---- Task data

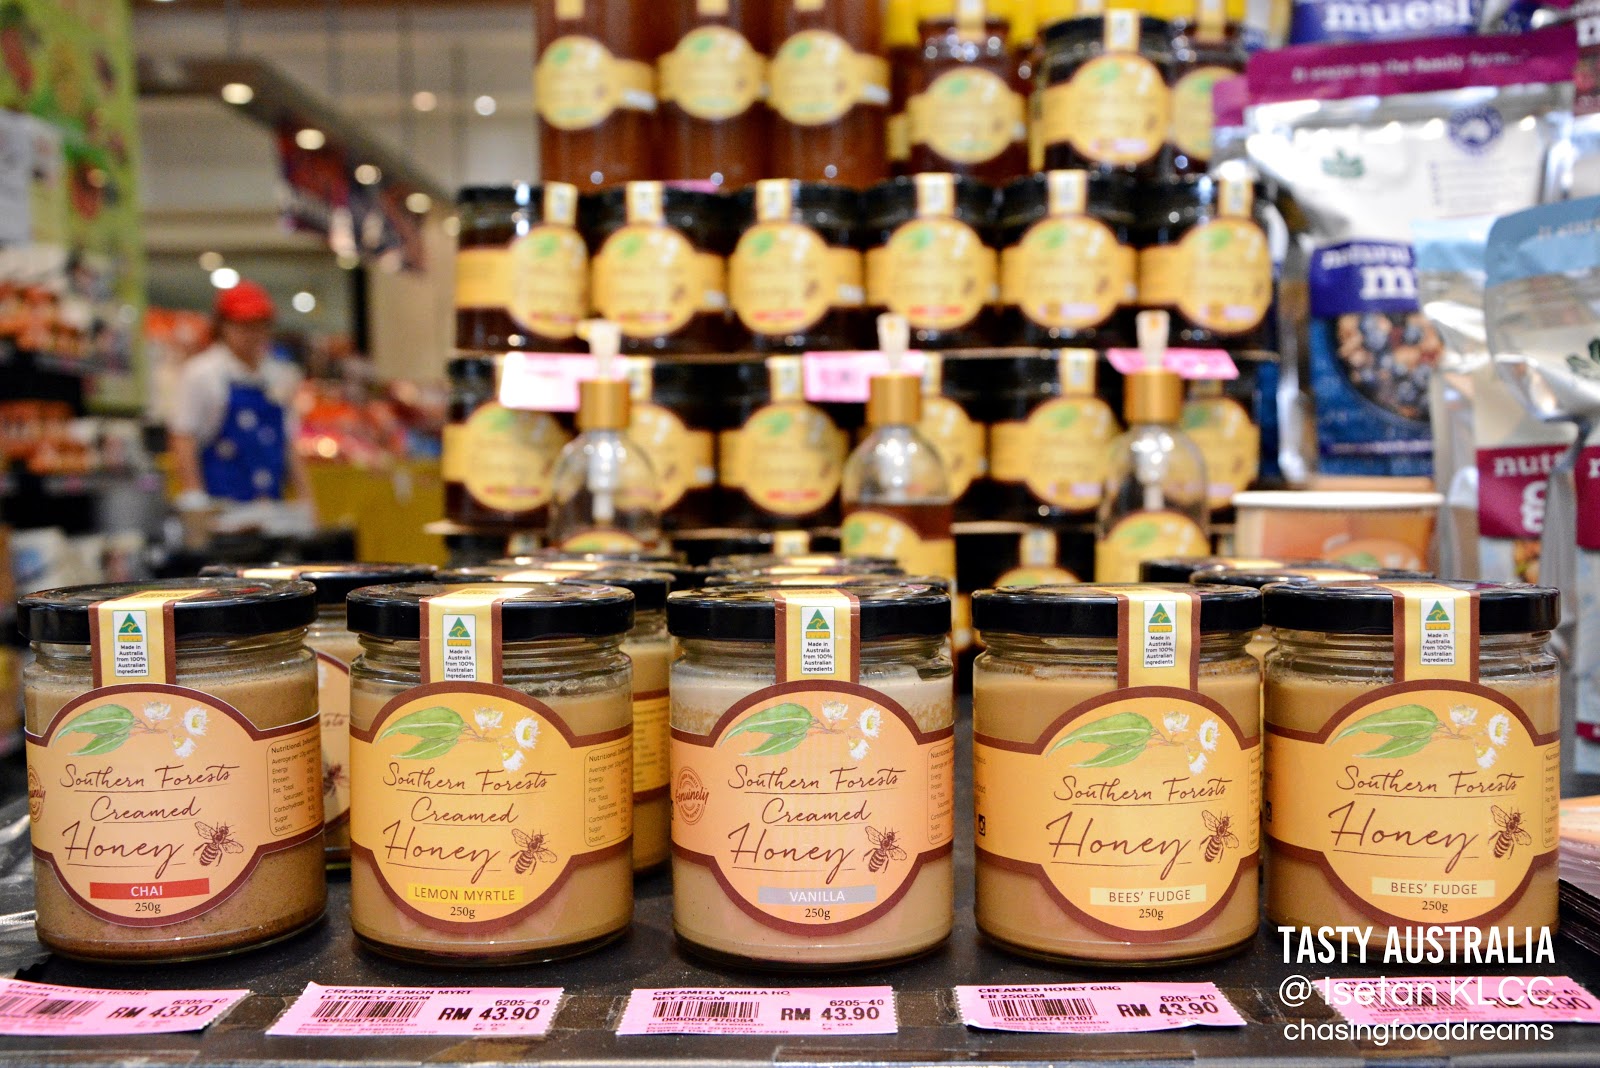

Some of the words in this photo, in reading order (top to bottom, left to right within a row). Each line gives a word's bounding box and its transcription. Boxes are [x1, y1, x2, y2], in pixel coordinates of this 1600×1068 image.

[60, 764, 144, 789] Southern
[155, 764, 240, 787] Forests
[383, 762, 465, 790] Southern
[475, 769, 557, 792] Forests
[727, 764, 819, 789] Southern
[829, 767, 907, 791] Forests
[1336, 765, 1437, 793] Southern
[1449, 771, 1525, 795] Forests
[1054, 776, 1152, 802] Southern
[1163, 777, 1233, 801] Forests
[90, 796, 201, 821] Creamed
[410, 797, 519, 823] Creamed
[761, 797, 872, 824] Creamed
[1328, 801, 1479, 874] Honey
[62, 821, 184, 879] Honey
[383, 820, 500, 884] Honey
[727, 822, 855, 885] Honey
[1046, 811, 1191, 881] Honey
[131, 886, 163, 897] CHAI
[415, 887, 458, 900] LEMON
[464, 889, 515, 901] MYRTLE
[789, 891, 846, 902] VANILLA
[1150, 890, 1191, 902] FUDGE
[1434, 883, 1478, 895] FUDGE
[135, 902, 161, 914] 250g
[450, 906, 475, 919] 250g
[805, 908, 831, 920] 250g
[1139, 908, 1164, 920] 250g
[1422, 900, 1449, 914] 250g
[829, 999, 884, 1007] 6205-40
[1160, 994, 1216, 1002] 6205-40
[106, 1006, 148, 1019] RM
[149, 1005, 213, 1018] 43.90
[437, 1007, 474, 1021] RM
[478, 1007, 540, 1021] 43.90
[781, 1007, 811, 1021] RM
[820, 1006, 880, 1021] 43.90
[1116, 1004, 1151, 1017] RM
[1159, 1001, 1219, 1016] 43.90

--------

Your assignment ▸ Repeat the full listing above without altering a word, and skip the pictures.

Result ▸
Some of the words in this photo, in reading order (top to bottom, left to right within a row). Each line gives a word's bounding box and its transcription. Boxes are [x1, y1, x2, y2], in pixel coordinates of this 1600×1068 image.

[60, 764, 144, 789] Southern
[155, 764, 240, 787] Forests
[383, 762, 465, 790] Southern
[475, 769, 557, 792] Forests
[727, 764, 819, 789] Southern
[829, 767, 907, 791] Forests
[1336, 765, 1437, 793] Southern
[1449, 771, 1525, 795] Forests
[1054, 776, 1152, 802] Southern
[1163, 777, 1233, 801] Forests
[90, 796, 201, 821] Creamed
[410, 797, 519, 823] Creamed
[761, 797, 872, 824] Creamed
[1328, 801, 1479, 874] Honey
[62, 821, 184, 879] Honey
[383, 820, 500, 884] Honey
[727, 822, 855, 885] Honey
[1046, 811, 1191, 881] Honey
[131, 886, 163, 897] CHAI
[415, 887, 458, 900] LEMON
[464, 889, 515, 901] MYRTLE
[789, 891, 846, 902] VANILLA
[1150, 890, 1191, 902] FUDGE
[1434, 883, 1478, 895] FUDGE
[135, 902, 161, 914] 250g
[450, 906, 475, 919] 250g
[805, 908, 831, 920] 250g
[1139, 908, 1164, 920] 250g
[1422, 900, 1449, 914] 250g
[829, 999, 884, 1007] 6205-40
[1160, 994, 1216, 1002] 6205-40
[106, 1006, 148, 1019] RM
[149, 1005, 213, 1018] 43.90
[437, 1007, 474, 1021] RM
[478, 1007, 540, 1021] 43.90
[781, 1007, 811, 1021] RM
[820, 1006, 880, 1021] 43.90
[1116, 1004, 1151, 1017] RM
[1159, 1001, 1219, 1016] 43.90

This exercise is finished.